Funny, this thing called life. It never fails to take you by surprise. Director Onir's chamber piece, telescoping five intertwined lives in a lethal yet lyrical passion-play, is an original slice of art.


The voice of Onir's reason is not incumbent on conventions of Indian cinema. Rather, this courageous filmmaker forges ahead with much the same convictions that manoeuvred his vision in that elegiac post-card from the edge of the conscience called "My Brother Nikhil".


"Bas Ek Pal" opens and closes in a pub where the first of the many passionate encounters occur between the restless, violent and doomed characters looking for a place to rest their uncertain hearts.


When after years abroad Nikhil (Sanjay Suri) walks into the crowded place of pleasure, his life changes. He meets the mercurial Anamika (Urmila Matondkar) who teases, flirts and reduces Nikhil to a lifetime of slavery.


The passion underlining Nikhil's undying love for Anamika also purports to underline the theme's spectral content. But the swelling emotions don't always make it into the frames. We often feel rather than see the acutely pained quintet of characters reaching out to one another across an immense gulf of pride and hurt.


All the characters are in one way or another linked with one another. Even the men, Nikhil and Rahul (Jimmy Shergill), share complex, ambiguous relationships.


In one notable moment of tormented confession, Nikhil tears off his shirt in front of the paraplegic Rahul and confesses he was raped in jail.


But the crime for which Nikhil went to jail is deflected to another even darker character, the spouse-beating Steve (Rehaan Engineer) whose heartbreakingly fragile wife Ira (Juhi Chawla) wants to leave him but can only be liberated in death ("Till death do us part").

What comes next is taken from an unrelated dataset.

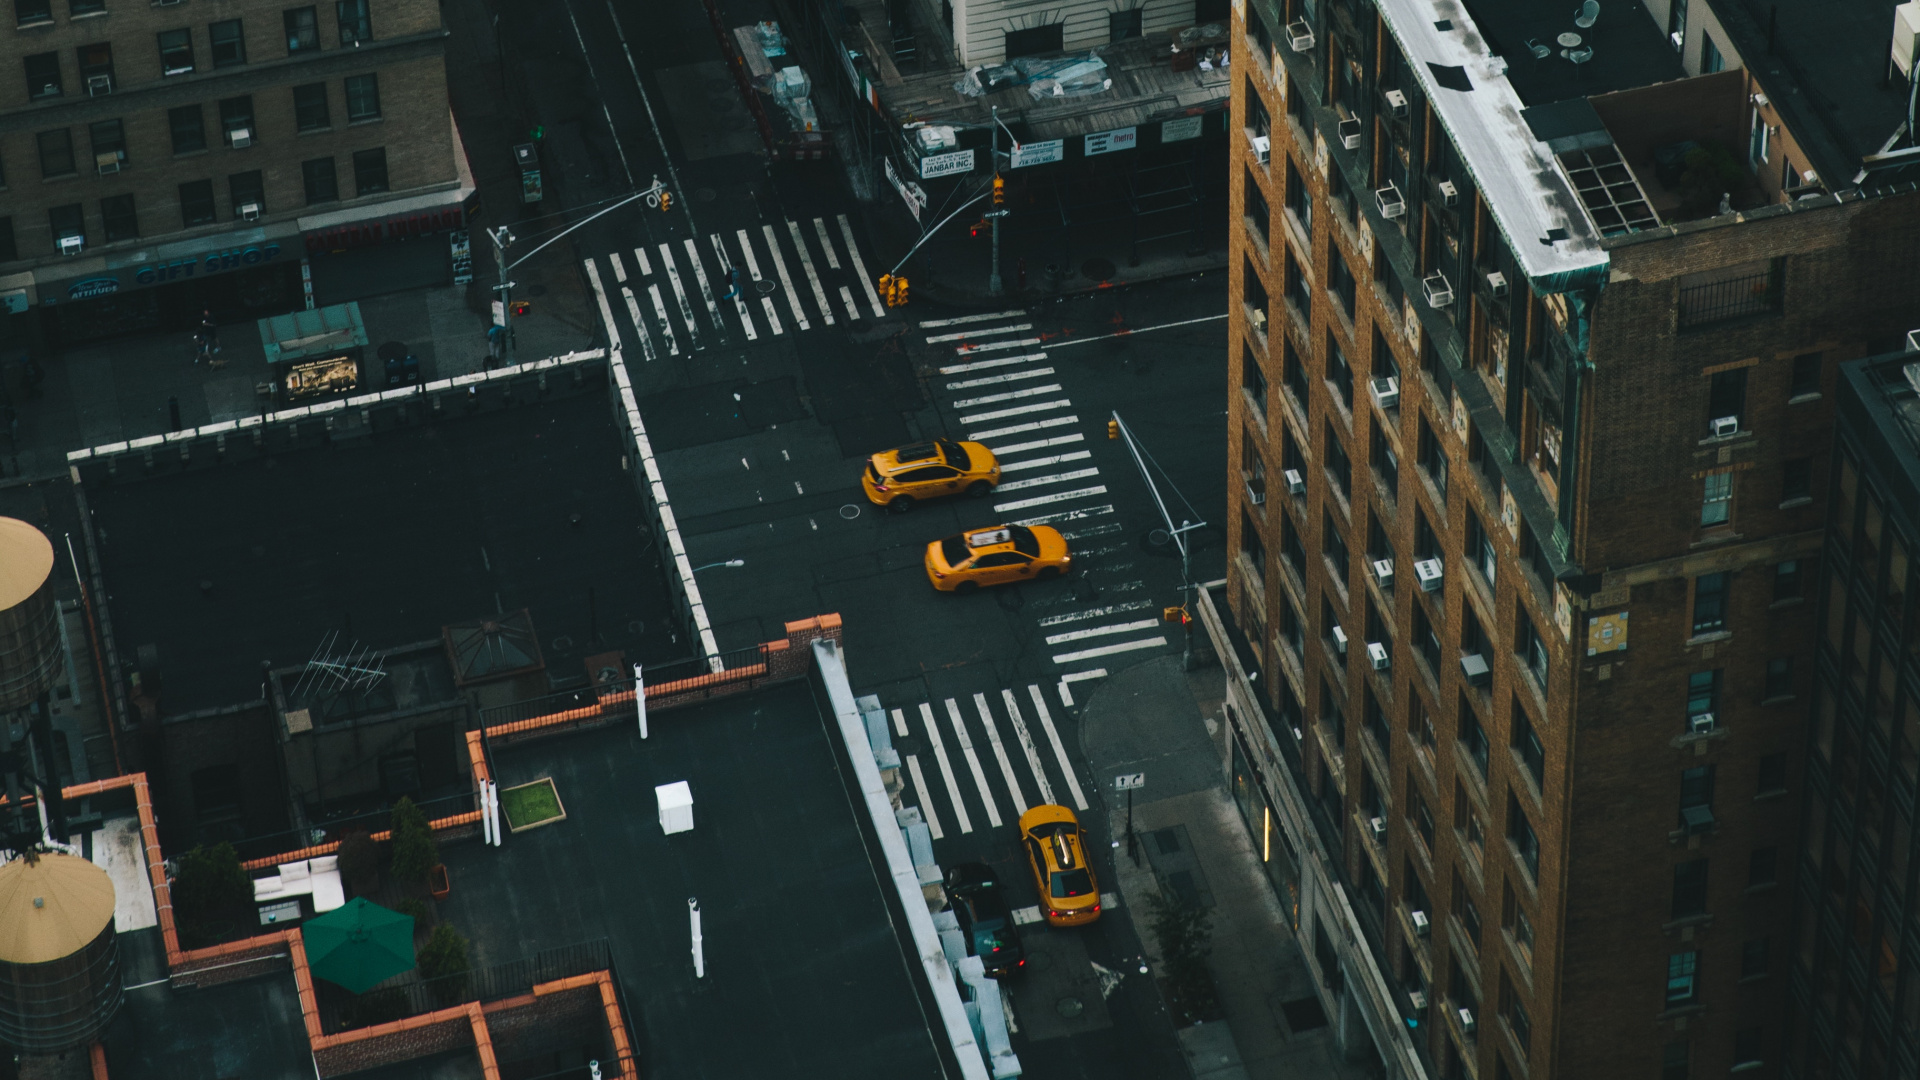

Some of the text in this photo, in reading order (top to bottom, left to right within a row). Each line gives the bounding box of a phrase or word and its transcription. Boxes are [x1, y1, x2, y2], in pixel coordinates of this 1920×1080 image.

Guilt runs through the criss-cross of wounded relationships in this film of unstated recriminations.


Even the ostensibly free-willed Anamika opts for compassion (the crippled Rahul) over passion (the incarcerated Nikhil).


She silently suffers Rahul's bitter taunts, just like Preity Zinta in Karan Johar's "Kabhi Alvida Naa Kehna", though the relationship here is done in far darker tones.


One of the more absorbing side-shows in this drama of muted feelings is the dark undertones that are applied to every character's conscience. None of the five protagonists is a happy person. None of them finds solace, comfort, let alone love, in his or her partner. They all seem to be driven more by desire per se than its fruition.


We often wonder what these characters would do if they actually found love! So driven are they by the search for love that they've forgotten where they're heading.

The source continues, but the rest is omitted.